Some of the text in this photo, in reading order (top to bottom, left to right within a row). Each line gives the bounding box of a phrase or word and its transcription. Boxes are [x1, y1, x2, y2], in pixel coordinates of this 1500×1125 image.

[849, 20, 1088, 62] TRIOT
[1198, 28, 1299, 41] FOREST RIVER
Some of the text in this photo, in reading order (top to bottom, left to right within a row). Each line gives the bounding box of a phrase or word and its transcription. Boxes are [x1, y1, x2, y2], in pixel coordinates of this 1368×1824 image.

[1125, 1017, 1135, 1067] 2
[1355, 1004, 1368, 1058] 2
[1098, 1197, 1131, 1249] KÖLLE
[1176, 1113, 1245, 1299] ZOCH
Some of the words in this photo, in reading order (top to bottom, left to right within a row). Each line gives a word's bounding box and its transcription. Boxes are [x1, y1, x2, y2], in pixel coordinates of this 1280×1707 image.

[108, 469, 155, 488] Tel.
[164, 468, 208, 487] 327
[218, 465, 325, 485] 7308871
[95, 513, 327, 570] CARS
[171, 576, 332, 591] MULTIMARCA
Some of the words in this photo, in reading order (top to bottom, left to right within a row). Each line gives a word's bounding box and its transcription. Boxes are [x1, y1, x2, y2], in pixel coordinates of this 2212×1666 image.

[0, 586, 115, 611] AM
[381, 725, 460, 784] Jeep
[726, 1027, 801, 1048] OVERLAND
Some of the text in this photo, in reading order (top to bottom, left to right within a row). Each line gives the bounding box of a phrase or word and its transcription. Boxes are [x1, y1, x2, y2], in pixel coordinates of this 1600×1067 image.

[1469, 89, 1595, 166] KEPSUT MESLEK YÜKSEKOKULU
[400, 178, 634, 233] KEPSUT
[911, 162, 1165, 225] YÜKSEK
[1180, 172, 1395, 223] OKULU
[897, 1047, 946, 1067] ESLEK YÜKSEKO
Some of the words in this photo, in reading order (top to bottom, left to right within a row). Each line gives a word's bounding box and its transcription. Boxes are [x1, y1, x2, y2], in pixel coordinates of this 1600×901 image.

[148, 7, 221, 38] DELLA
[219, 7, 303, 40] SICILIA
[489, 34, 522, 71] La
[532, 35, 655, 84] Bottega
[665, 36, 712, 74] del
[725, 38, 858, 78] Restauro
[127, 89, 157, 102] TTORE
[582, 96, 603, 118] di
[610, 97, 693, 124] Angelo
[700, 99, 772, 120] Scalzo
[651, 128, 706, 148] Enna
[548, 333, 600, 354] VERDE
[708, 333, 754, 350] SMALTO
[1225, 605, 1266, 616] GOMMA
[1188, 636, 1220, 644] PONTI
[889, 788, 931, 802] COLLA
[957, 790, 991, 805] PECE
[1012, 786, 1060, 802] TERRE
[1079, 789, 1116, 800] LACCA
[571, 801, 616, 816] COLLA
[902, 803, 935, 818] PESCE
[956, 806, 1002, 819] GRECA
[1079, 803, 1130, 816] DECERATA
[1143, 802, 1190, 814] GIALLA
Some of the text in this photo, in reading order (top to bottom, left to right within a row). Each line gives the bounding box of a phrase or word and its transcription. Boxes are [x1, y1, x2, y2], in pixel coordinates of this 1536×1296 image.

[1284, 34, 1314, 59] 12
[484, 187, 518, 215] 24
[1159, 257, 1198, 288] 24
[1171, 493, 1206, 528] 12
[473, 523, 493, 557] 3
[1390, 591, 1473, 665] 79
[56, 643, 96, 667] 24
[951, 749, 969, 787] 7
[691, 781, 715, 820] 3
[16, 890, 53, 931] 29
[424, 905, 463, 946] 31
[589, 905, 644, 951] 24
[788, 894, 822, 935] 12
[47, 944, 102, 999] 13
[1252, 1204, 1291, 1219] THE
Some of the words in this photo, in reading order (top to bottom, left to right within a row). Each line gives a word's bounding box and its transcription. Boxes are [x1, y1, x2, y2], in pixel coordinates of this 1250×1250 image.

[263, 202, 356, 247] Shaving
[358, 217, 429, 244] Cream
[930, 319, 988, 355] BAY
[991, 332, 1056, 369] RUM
──────────
§ **Problem to work on**
Give back every line of the material, exactly as written.

§ **Expected answer**
Some of the text in this photo, in reading order (top to bottom, left to right within a row). Each line gives the bounding box of a phrase or word and its transcription. Boxes are [x1, y1, x2, y2], in pixel coordinates of this 1500×1125 image.

[849, 20, 1088, 62] TRIOT
[1198, 28, 1299, 41] FOREST RIVER
Some of the text in this photo, in reading order (top to bottom, left to right within a row). Each line gives the bounding box of a phrase or word and its transcription. Boxes are [x1, y1, x2, y2], in pixel coordinates of this 1368×1824 image.

[1125, 1017, 1135, 1067] 2
[1355, 1004, 1368, 1058] 2
[1098, 1197, 1131, 1249] KÖLLE
[1176, 1113, 1245, 1299] ZOCH
Some of the words in this photo, in reading order (top to bottom, left to right within a row). Each line gives a word's bounding box and its transcription. Boxes are [x1, y1, x2, y2], in pixel coordinates of this 1280×1707 image.

[108, 469, 155, 488] Tel.
[164, 468, 208, 487] 327
[218, 465, 325, 485] 7308871
[95, 513, 327, 570] CARS
[171, 576, 332, 591] MULTIMARCA
Some of the words in this photo, in reading order (top to bottom, left to right within a row). Each line gives a word's bounding box and its transcription. Boxes are [x1, y1, x2, y2], in pixel coordinates of this 2212×1666 image.

[0, 586, 115, 611] AM
[381, 725, 460, 784] Jeep
[726, 1027, 801, 1048] OVERLAND
Some of the text in this photo, in reading order (top to bottom, left to right within a row). Each line gives the bounding box of a phrase or word and its transcription. Boxes are [x1, y1, x2, y2], in pixel coordinates of this 1600×1067 image.

[1469, 89, 1595, 166] KEPSUT MESLEK YÜKSEKOKULU
[400, 178, 634, 233] KEPSUT
[911, 162, 1165, 225] YÜKSEK
[1180, 172, 1395, 223] OKULU
[897, 1047, 946, 1067] ESLEK YÜKSEKO
Some of the words in this photo, in reading order (top to bottom, left to right within a row). Each line gives a word's bounding box and its transcription. Boxes are [x1, y1, x2, y2], in pixel coordinates of this 1600×901 image.

[148, 7, 221, 38] DELLA
[219, 7, 303, 40] SICILIA
[489, 34, 522, 71] La
[532, 35, 655, 84] Bottega
[665, 36, 712, 74] del
[725, 38, 858, 78] Restauro
[127, 89, 157, 102] TTORE
[582, 96, 603, 118] di
[610, 97, 693, 124] Angelo
[700, 99, 772, 120] Scalzo
[651, 128, 706, 148] Enna
[548, 333, 600, 354] VERDE
[708, 333, 754, 350] SMALTO
[1225, 605, 1266, 616] GOMMA
[1188, 636, 1220, 644] PONTI
[889, 788, 931, 802] COLLA
[957, 790, 991, 805] PECE
[1012, 786, 1060, 802] TERRE
[1079, 789, 1116, 800] LACCA
[571, 801, 616, 816] COLLA
[902, 803, 935, 818] PESCE
[956, 806, 1002, 819] GRECA
[1079, 803, 1130, 816] DECERATA
[1143, 802, 1190, 814] GIALLA
Some of the text in this photo, in reading order (top to bottom, left to right within a row). Each line gives the bounding box of a phrase or word and its transcription. Boxes are [x1, y1, x2, y2], in pixel coordinates of this 1536×1296 image.

[1284, 34, 1314, 59] 12
[484, 187, 518, 215] 24
[1159, 257, 1198, 288] 24
[1171, 493, 1206, 528] 12
[473, 523, 493, 557] 3
[1390, 591, 1473, 665] 79
[56, 643, 96, 667] 24
[951, 749, 969, 787] 7
[691, 781, 715, 820] 3
[16, 890, 53, 931] 29
[424, 905, 463, 946] 31
[589, 905, 644, 951] 24
[788, 894, 822, 935] 12
[47, 944, 102, 999] 13
[1252, 1204, 1291, 1219] THE
Some of the words in this photo, in reading order (top to bottom, left to right within a row). Each line gives a word's bounding box and its transcription. Boxes are [x1, y1, x2, y2], in pixel coordinates of this 1250×1250 image.

[263, 202, 356, 247] Shaving
[358, 217, 429, 244] Cream
[930, 319, 988, 355] BAY
[991, 332, 1056, 369] RUM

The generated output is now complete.